Work order:
No pictures go into the copy. Write out every line below exactly.

*** Data for analysis

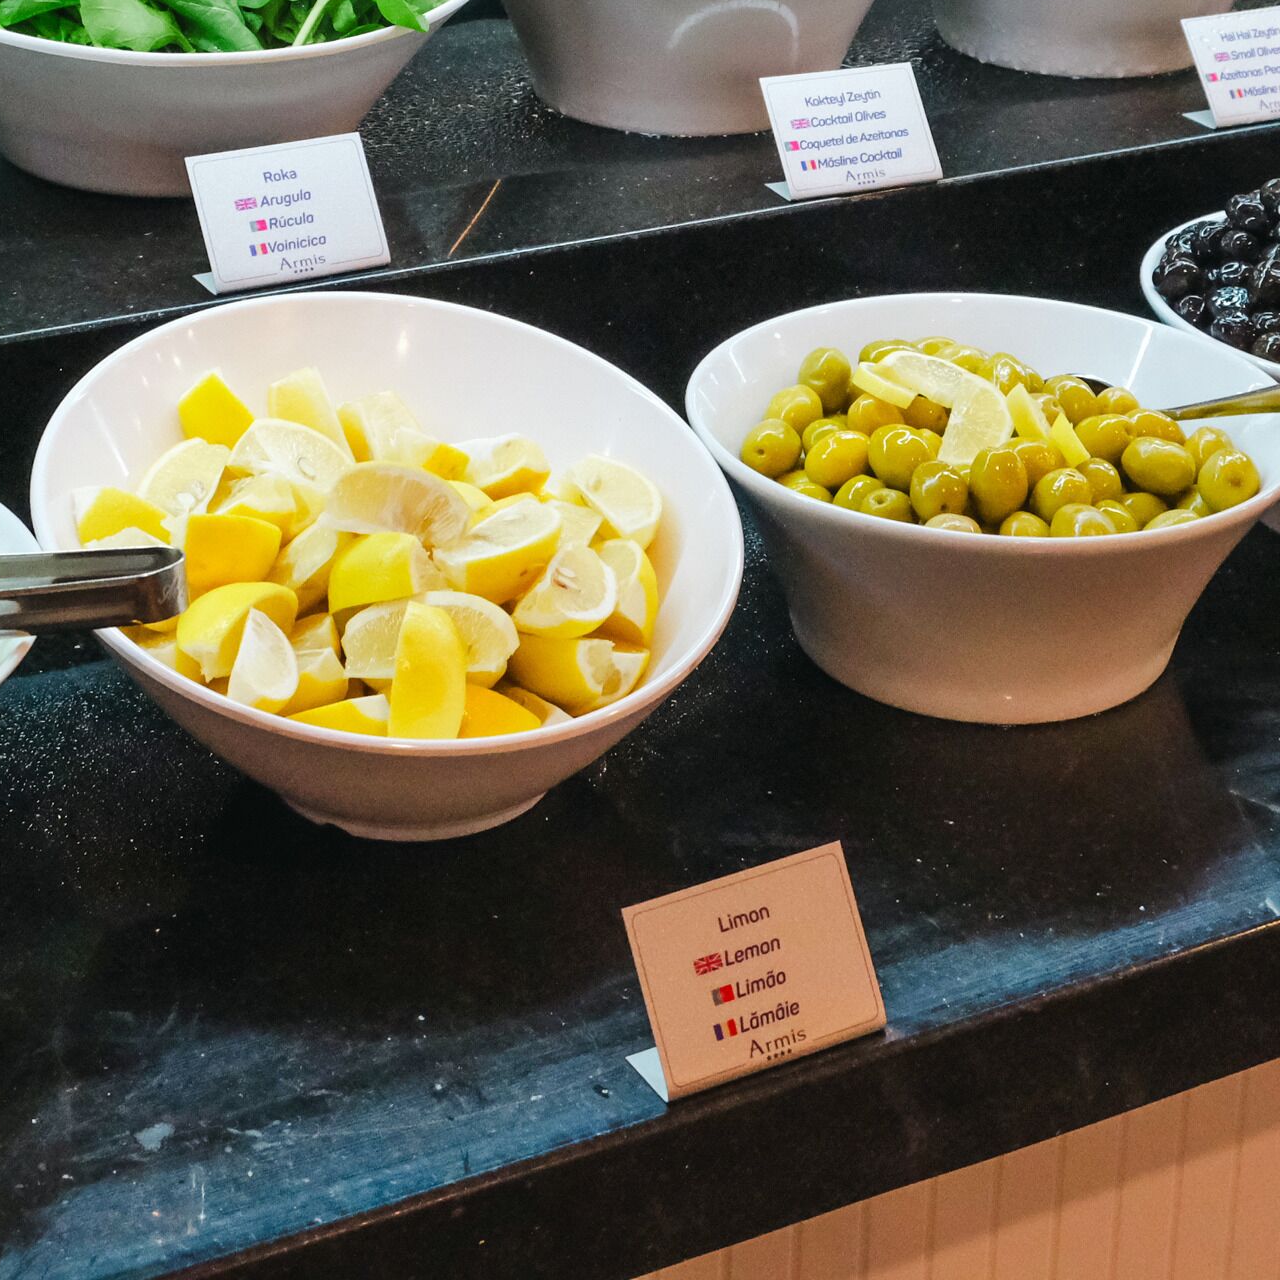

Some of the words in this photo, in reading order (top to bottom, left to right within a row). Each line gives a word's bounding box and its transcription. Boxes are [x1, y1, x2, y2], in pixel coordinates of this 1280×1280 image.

[1220, 31, 1236, 42] Hal
[1236, 29, 1251, 40] Hal
[1252, 26, 1280, 40] Zeytin
[1230, 48, 1256, 61] Small
[1219, 66, 1263, 81] Azeitonas
[804, 91, 846, 108] Kokteyl
[847, 88, 881, 103] Zeytin
[810, 112, 854, 128] Cocktail
[855, 109, 887, 122] Olives
[799, 136, 844, 152] Coquetel
[845, 133, 858, 145] de
[859, 127, 909, 142] Azeitonas
[817, 153, 858, 169] Măsline
[859, 148, 903, 164] Cocktail
[263, 169, 298, 184] Roka
[845, 168, 886, 183] Armis
[260, 189, 312, 208] Arugula
[269, 212, 314, 230] Rúcula
[280, 254, 327, 271] Armis
[718, 906, 771, 933] Limon
[724, 937, 781, 966] Lemon
[736, 969, 787, 999] Limão
[739, 1000, 800, 1033] Lămâie
[749, 1028, 808, 1058] Armis

******

Response:
Some of the words in this photo, in reading order (top to bottom, left to right within a row). Each line gives a word's bounding box and its transcription. Boxes are [x1, y1, x2, y2], in pixel coordinates of this 1280×1280 image.

[1220, 31, 1236, 42] Hal
[1236, 29, 1251, 40] Hal
[1252, 26, 1280, 40] Zeytin
[1230, 48, 1256, 61] Small
[1219, 66, 1263, 81] Azeitonas
[804, 91, 846, 108] Kokteyl
[847, 88, 881, 103] Zeytin
[810, 112, 854, 128] Cocktail
[855, 109, 887, 122] Olives
[799, 136, 844, 152] Coquetel
[845, 133, 858, 145] de
[859, 127, 909, 142] Azeitonas
[817, 153, 858, 169] Măsline
[859, 148, 903, 164] Cocktail
[263, 169, 298, 184] Roka
[845, 168, 886, 183] Armis
[260, 189, 312, 208] Arugula
[269, 212, 314, 230] Rúcula
[280, 254, 327, 271] Armis
[718, 906, 771, 933] Limon
[724, 937, 781, 966] Lemon
[736, 969, 787, 999] Limão
[739, 1000, 800, 1033] Lămâie
[749, 1028, 808, 1058] Armis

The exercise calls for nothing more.